Twice-monthly newspaper in Cave Creek, Arizona

Sonoran News was a Conservative community newspaper in Cave Creek, Arizona, United States.

== History ==
In 1995, retired tech executive Donald Sorchych founded the Sonoran News, a freely distributed weekly newspaper in Cave Creek, Arizona. The News was a rival of the Foothills Sentinel and teamed up with the Gila Bend Sun in order to qualify to run public notices.

Sorchych started the paper after town officials approved a large housing development that destroyed the pristine desert view from his hillside home. Over the years he turned his editorial focus toward Illegal immigration to the United States and criticized churches that provide resources to undocumented immigrants. By 2003, the News had a circulation of 37,000.
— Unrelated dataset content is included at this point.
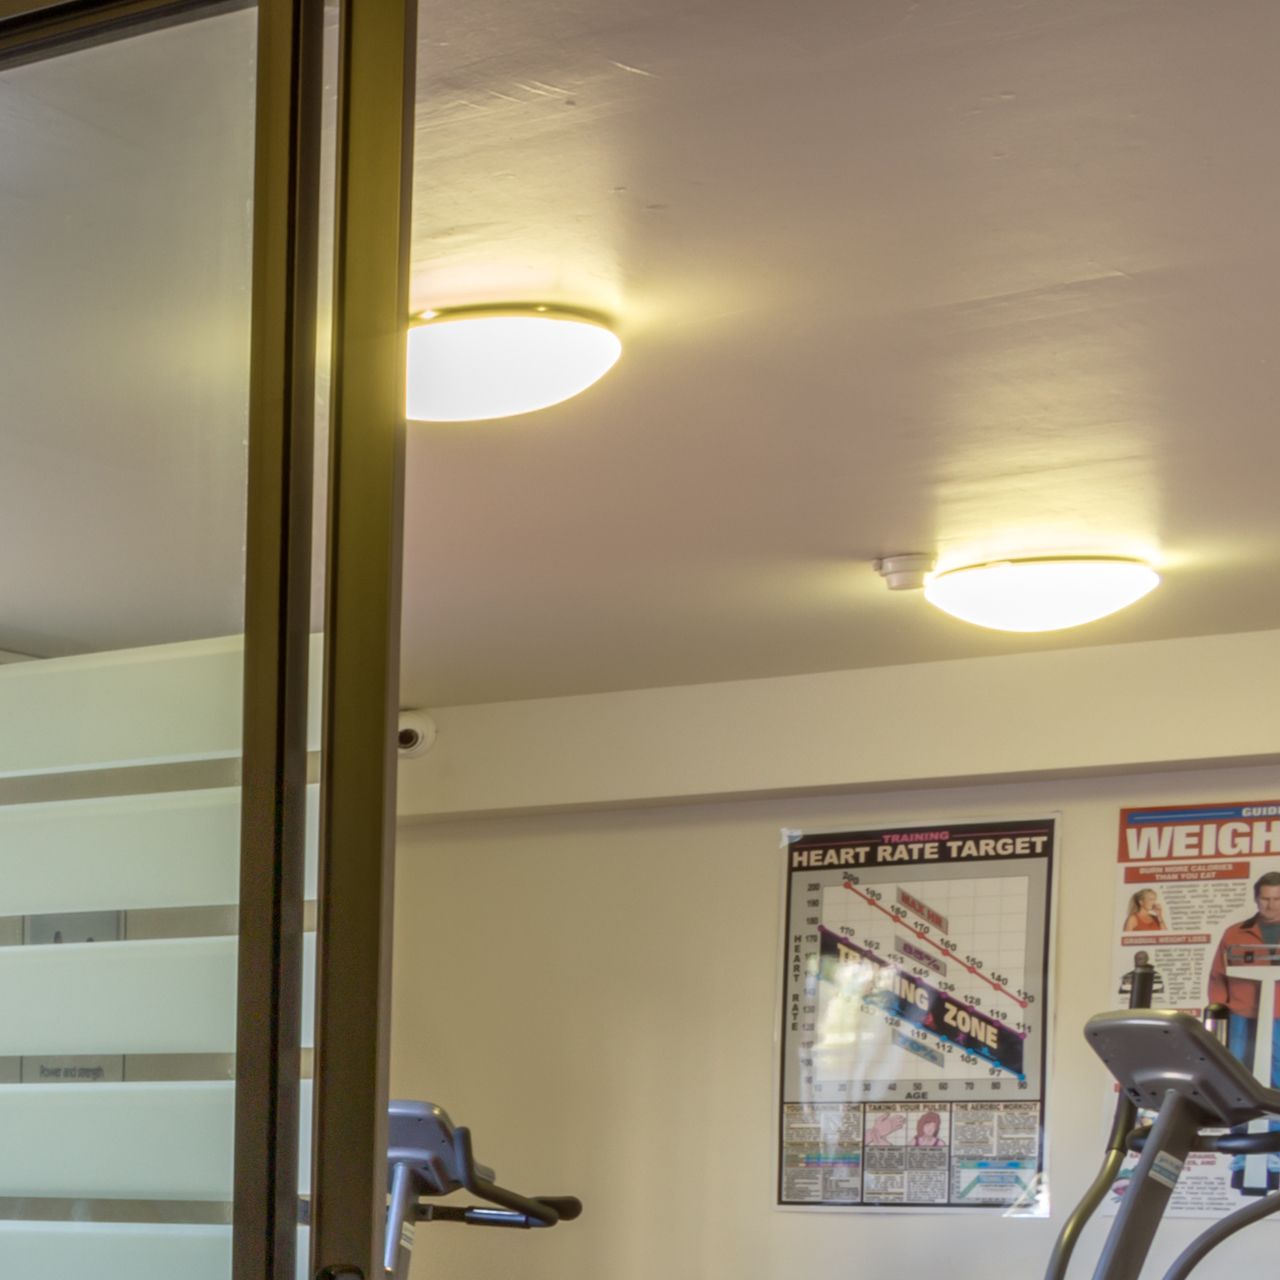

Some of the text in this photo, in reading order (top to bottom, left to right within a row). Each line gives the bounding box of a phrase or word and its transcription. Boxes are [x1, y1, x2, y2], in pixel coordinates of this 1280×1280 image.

In 2010, amid the Great Recession, the paper reduced print publication from weekly newspaper to a twice-monthly and solicited donations from readers. In 2021, Sorchych died. In 2022, Sonoran Sky Enterprises, LLC purchased the assets, IP, and trade name from the Sorchych estate. The paper was later acquired by Independent Newsmedia, Inc. and renamed to the Cave Creek Independent.

== Controversies ==

In 2002, Sorchych was accused of cybersquatting on the domain of rival newspaper Foothills Chronicle to reduce its findability.

In 2009, the News successfully defended itself against a libel lawsuit from rival paper The Desert Advocate, which the News had referred to as the "Deadbeat Advocate", citing the owner's non-payment of back taxes.